-- Exercise requirements --
Will you write out the data exactly, excluding every picture?

Saved entries
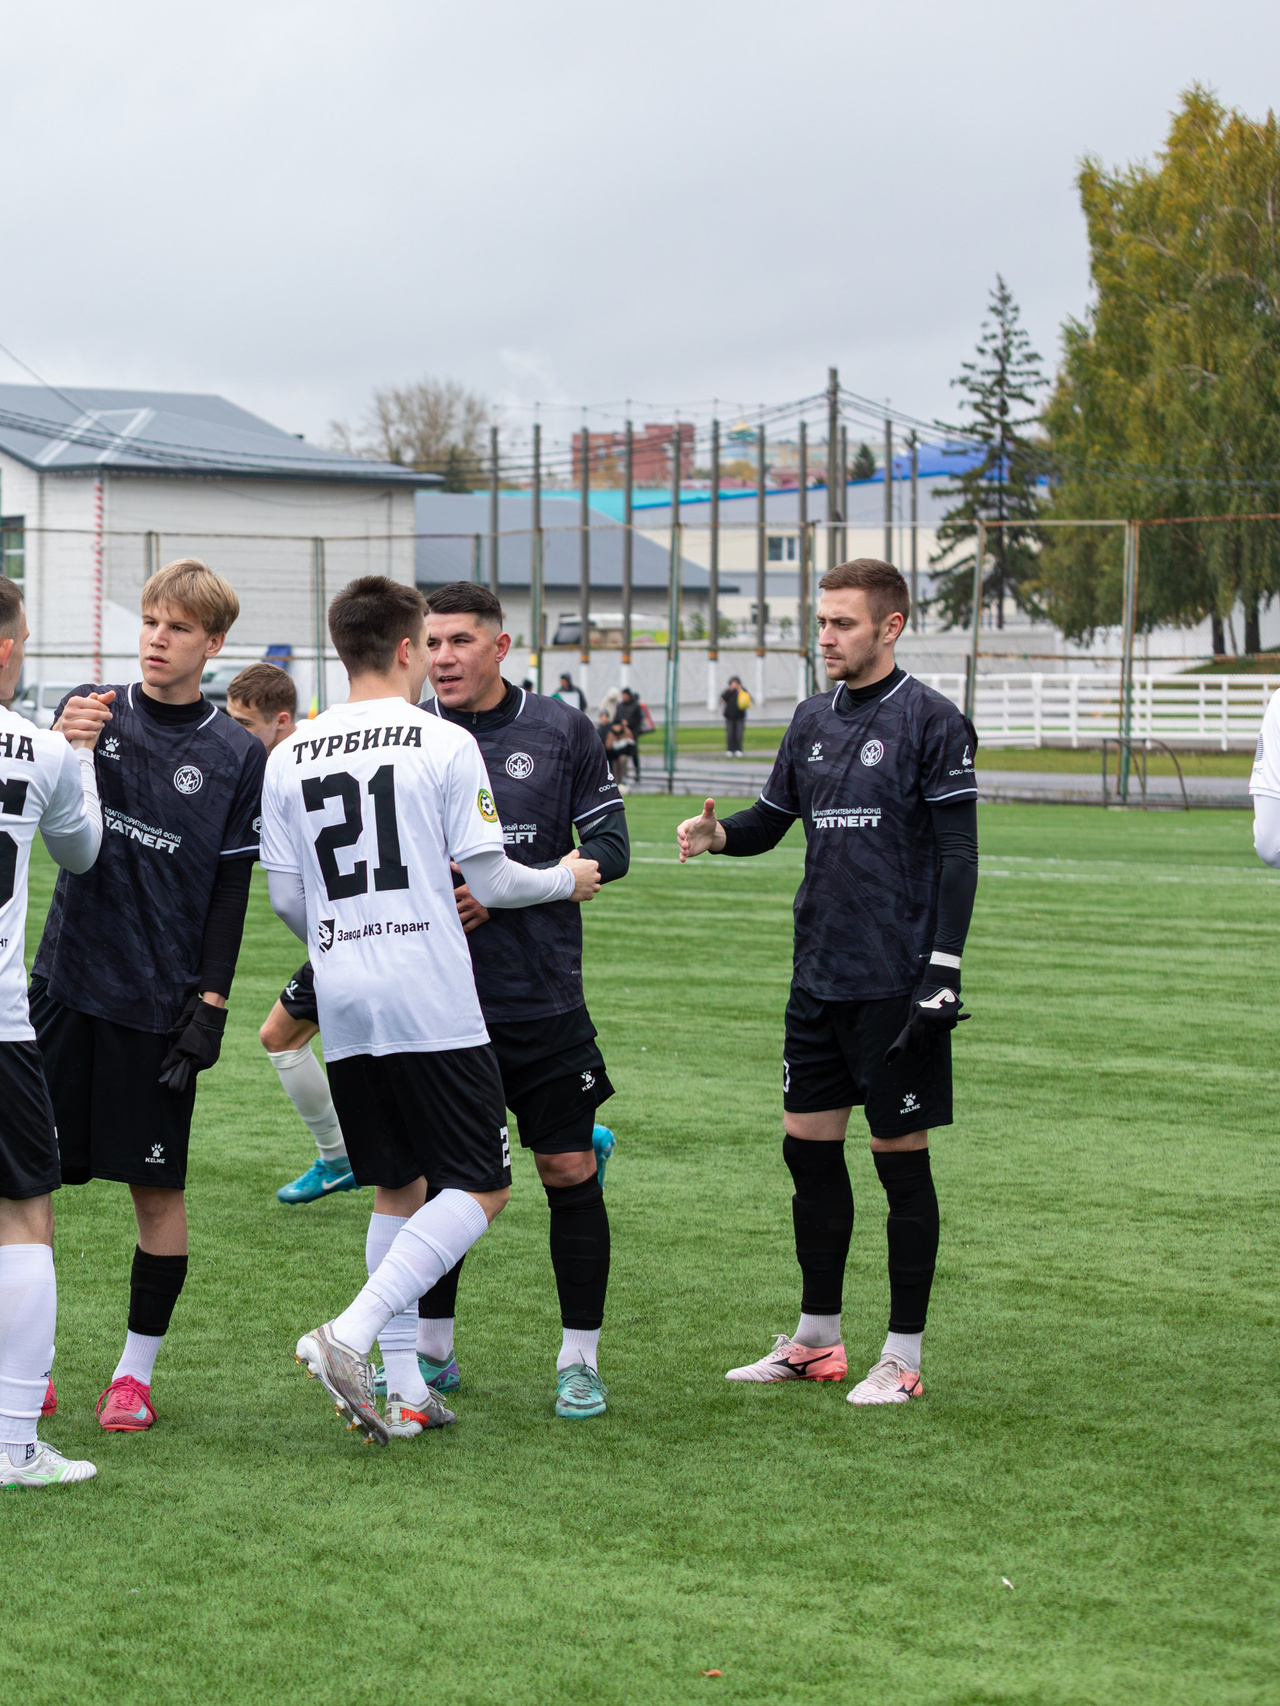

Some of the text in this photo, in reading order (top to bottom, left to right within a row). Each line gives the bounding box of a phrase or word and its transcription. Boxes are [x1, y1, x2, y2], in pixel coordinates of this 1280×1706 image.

[292, 726, 422, 764] ТУРБИНА
[98, 749, 120, 760] KELME
[863, 807, 882, 815] ФОНД
[813, 815, 882, 829] TATNEFT
[104, 813, 180, 854] TATNEFT
[163, 831, 182, 843] ФОНД
[301, 764, 410, 902] 21
[337, 922, 430, 942] Завод АКЗ Гарант
[900, 1103, 921, 1114] KELME
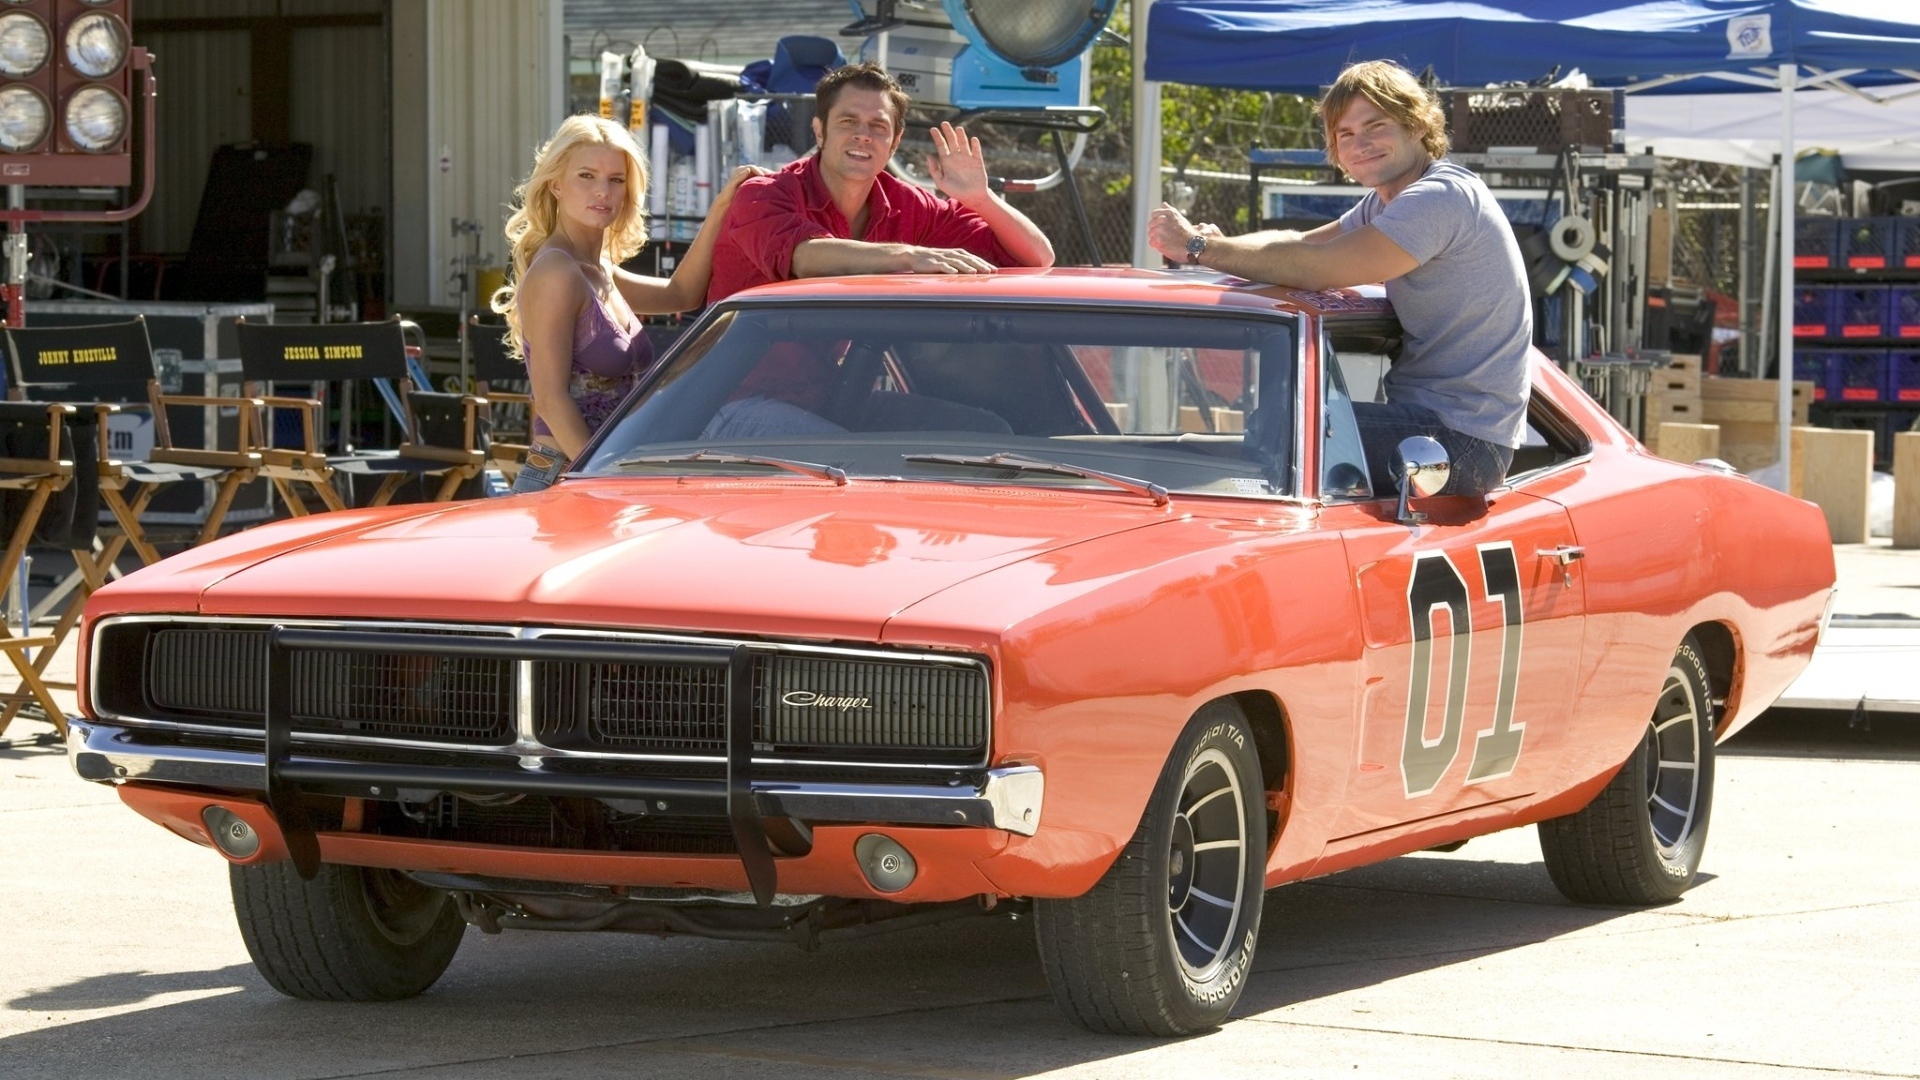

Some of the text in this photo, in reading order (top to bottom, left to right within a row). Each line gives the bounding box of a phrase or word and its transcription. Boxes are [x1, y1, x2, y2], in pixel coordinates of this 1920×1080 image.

[39, 347, 117, 365] JOHNNY KNOXVILLE
[284, 345, 362, 360] JESSICA SIMPSON
[1400, 540, 1526, 799] 01
[1676, 644, 1713, 731] FGoodrich
[782, 691, 873, 712] Charger
[1184, 723, 1244, 780] Radial T/A

-- Response box --
Some of the text in this photo, in reading order (top to bottom, left to right within a row). Each line gives the bounding box of a phrase or word and its transcription. Boxes are [x1, y1, x2, y2], in pixel coordinates of this 1280×1706 image.

[292, 726, 422, 764] ТУРБИНА
[98, 749, 120, 760] KELME
[863, 807, 882, 815] ФОНД
[813, 815, 882, 829] TATNEFT
[104, 813, 180, 854] TATNEFT
[163, 831, 182, 843] ФОНД
[301, 764, 410, 902] 21
[337, 922, 430, 942] Завод АКЗ Гарант
[900, 1103, 921, 1114] KELME

Some of the text in this photo, in reading order (top to bottom, left to right within a row). Each line gives the bounding box of a phrase or word and its transcription. Boxes are [x1, y1, x2, y2], in pixel coordinates of this 1920×1080 image.

[39, 347, 117, 365] JOHNNY KNOXVILLE
[284, 345, 362, 360] JESSICA SIMPSON
[1400, 540, 1526, 799] 01
[1676, 644, 1713, 731] FGoodrich
[782, 691, 873, 712] Charger
[1184, 723, 1244, 780] Radial T/A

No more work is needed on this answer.